I have to say that it is hard to really feel that you know these people. They seem more like caricatures than actual people. It is also hard to feel interested or sympathetic toward them.


As the book progressed, I rolled my eyes so much that I finally had to catch myself in case did myself lasting harm. One or two unbelievable occurrences in a book is probably acceptable but page after page we find people behave in ways that just are not reasonable. I would love to give examples but it is hard to without throwing out spoilers.


There is a love scene in this book that comes, for me out of no where. No real people would feel at all disposed to sharing any type of intimacy with so many unresolved issues on the table.

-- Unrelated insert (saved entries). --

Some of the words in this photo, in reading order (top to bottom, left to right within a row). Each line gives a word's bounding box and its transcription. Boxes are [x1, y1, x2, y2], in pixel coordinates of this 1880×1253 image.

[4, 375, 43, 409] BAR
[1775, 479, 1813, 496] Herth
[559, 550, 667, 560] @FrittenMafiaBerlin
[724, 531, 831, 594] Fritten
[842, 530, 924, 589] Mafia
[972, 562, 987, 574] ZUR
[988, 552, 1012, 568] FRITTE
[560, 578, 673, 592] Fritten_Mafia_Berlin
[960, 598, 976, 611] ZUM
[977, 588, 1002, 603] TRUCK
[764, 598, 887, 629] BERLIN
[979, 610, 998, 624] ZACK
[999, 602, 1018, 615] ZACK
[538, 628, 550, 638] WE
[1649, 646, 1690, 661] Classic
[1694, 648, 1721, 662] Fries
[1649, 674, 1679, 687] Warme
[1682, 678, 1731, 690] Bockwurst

This book is supposed to be funny and light I am sure but I was annoyed for most of the time that I was reading. I kept saying to myself no reasonable person would be have this way. One of the characters is kidnapped, KIDNAPPED and neither he nor his father seem to harbour any real feelings about that fact. They are able to move on rather speedily with no real thoughts of revenge or even justice. I mean who are these people and on what planet do they exist??? Even in the world of novels that I generally inhabit, I expect to see emotions and thoughts that actually correspond to the events in people's lives. Not here.


I know I was supposed laugh when I read this book. However, I am telling you, if you have any ability to reason laughter is not possible. I finished it but God only knows why.

Tuesday, June 3, 2008

Infidel by Ayaan Hirsi Ali



I am always interested in how other people live and what they are thinking.
When I read Infidel, I was hoping to get an idea of what it is like to grow up Muslim. This book was so much more than that for me.

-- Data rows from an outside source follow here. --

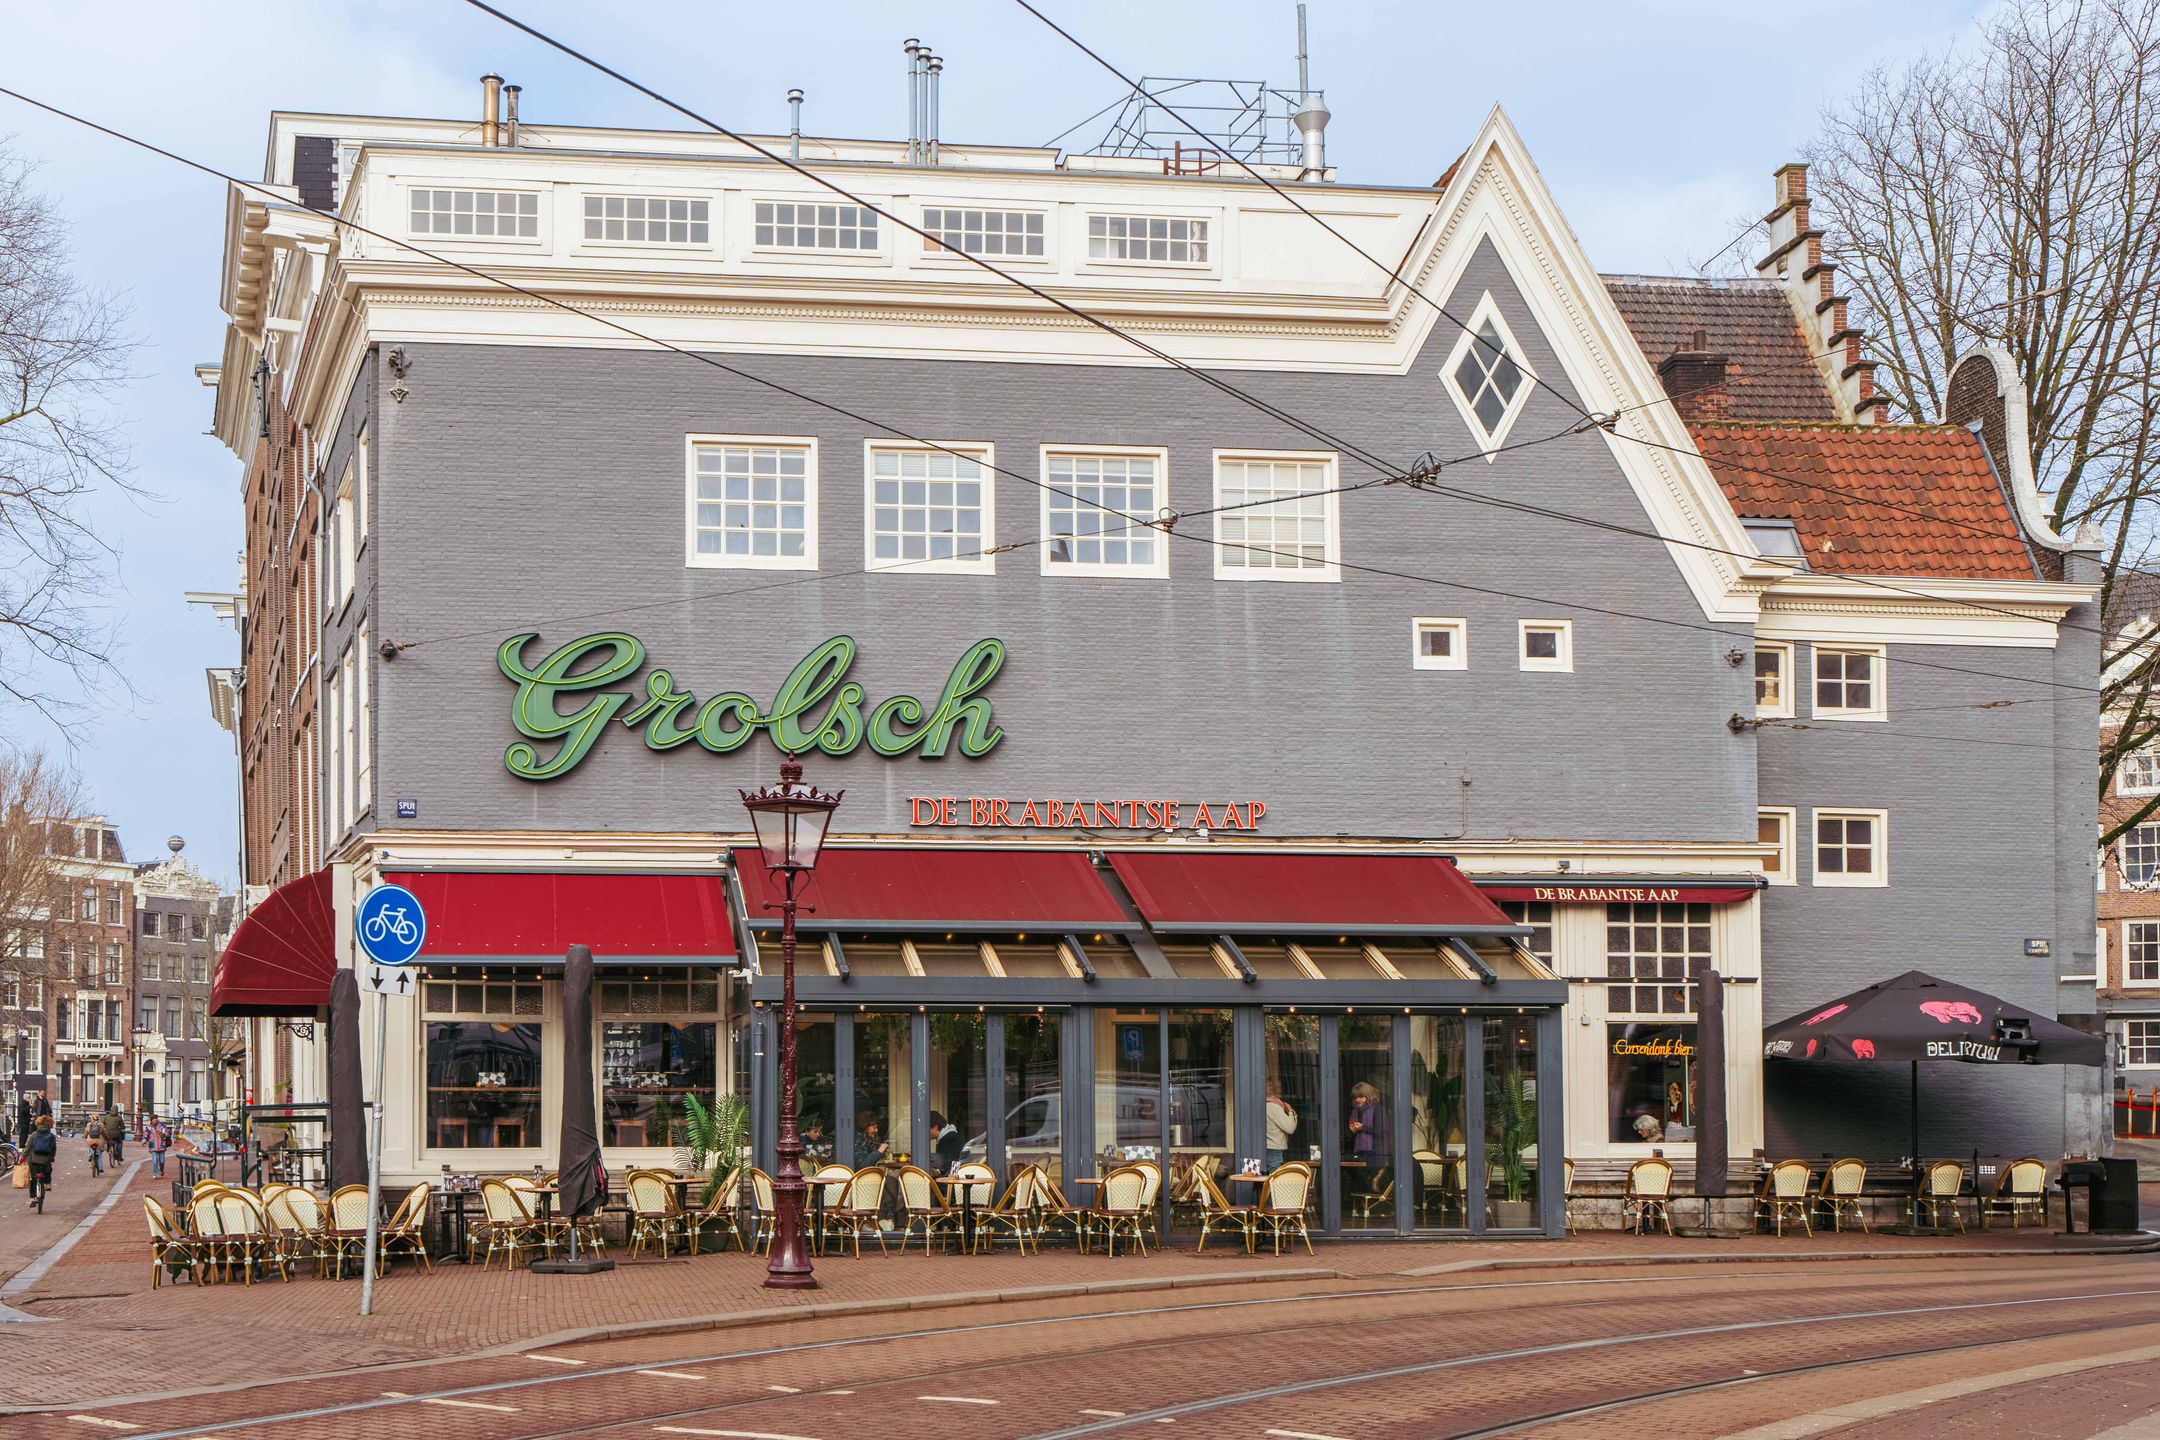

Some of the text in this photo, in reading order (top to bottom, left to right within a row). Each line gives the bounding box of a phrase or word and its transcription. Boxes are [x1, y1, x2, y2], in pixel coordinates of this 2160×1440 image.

[497, 632, 1007, 781] Grolsch
[398, 801, 416, 810] SPUI
[910, 797, 1266, 830] DE BRABANTSE AAP
[1534, 887, 1680, 901] DE BRABANTSE AAP
[1615, 1038, 1691, 1056] Corsendonk bier

Ali, strips herself and her family bare to give us a glimpse of her world and the life forces that brought her to a way of thinking that was cataclysmic for herself and her family relationships.

I expected a book that would tell me about what being Muslim in Africa might mean to one woman. I did not expect to catch glimpses of some of my own family members while reading. At the beginning of this book, Ali is describing what it was to have to recite her family line back many generations, while I have no experience that mirrors this exactly, I do remember hearing and being asked so many times, as a child and young woman, darling who are you? Who are your people? Who is your granddaddy? Where are they from? I still feel the pressure of not giving answers that would be satisfactory to the elders that posed these questions. I know that this experience is not quite the same as what was asked of Ali by her grandmother but for a moment I had to stop reading and gather myself and wonder, if the questions that I had been asked all my life were some deep ancestral questions that were as much a part of who we are as a people, as other inherited traits.

Anyway, I digress, Ali allows us to witness what it was like to grow up as a practicing but not very observant Muslim. We then witness her transformation, as a young lady, into a more devout Muslim. Finally, as she begins to really understand herself as a woman and the free thinking adult that she has been fighting to be, we see her put away her long held beliefs.

We see what civil unrest and integration to another country are like through the eyes of someone who actually experienced those things, as well as what it was like for Ali to become immersed in another culture.

This book will remain with me for years to come. If not the actual content, then the heart of what it meant to me. I have told many people read Infidel, it is not what you think, it is so much more.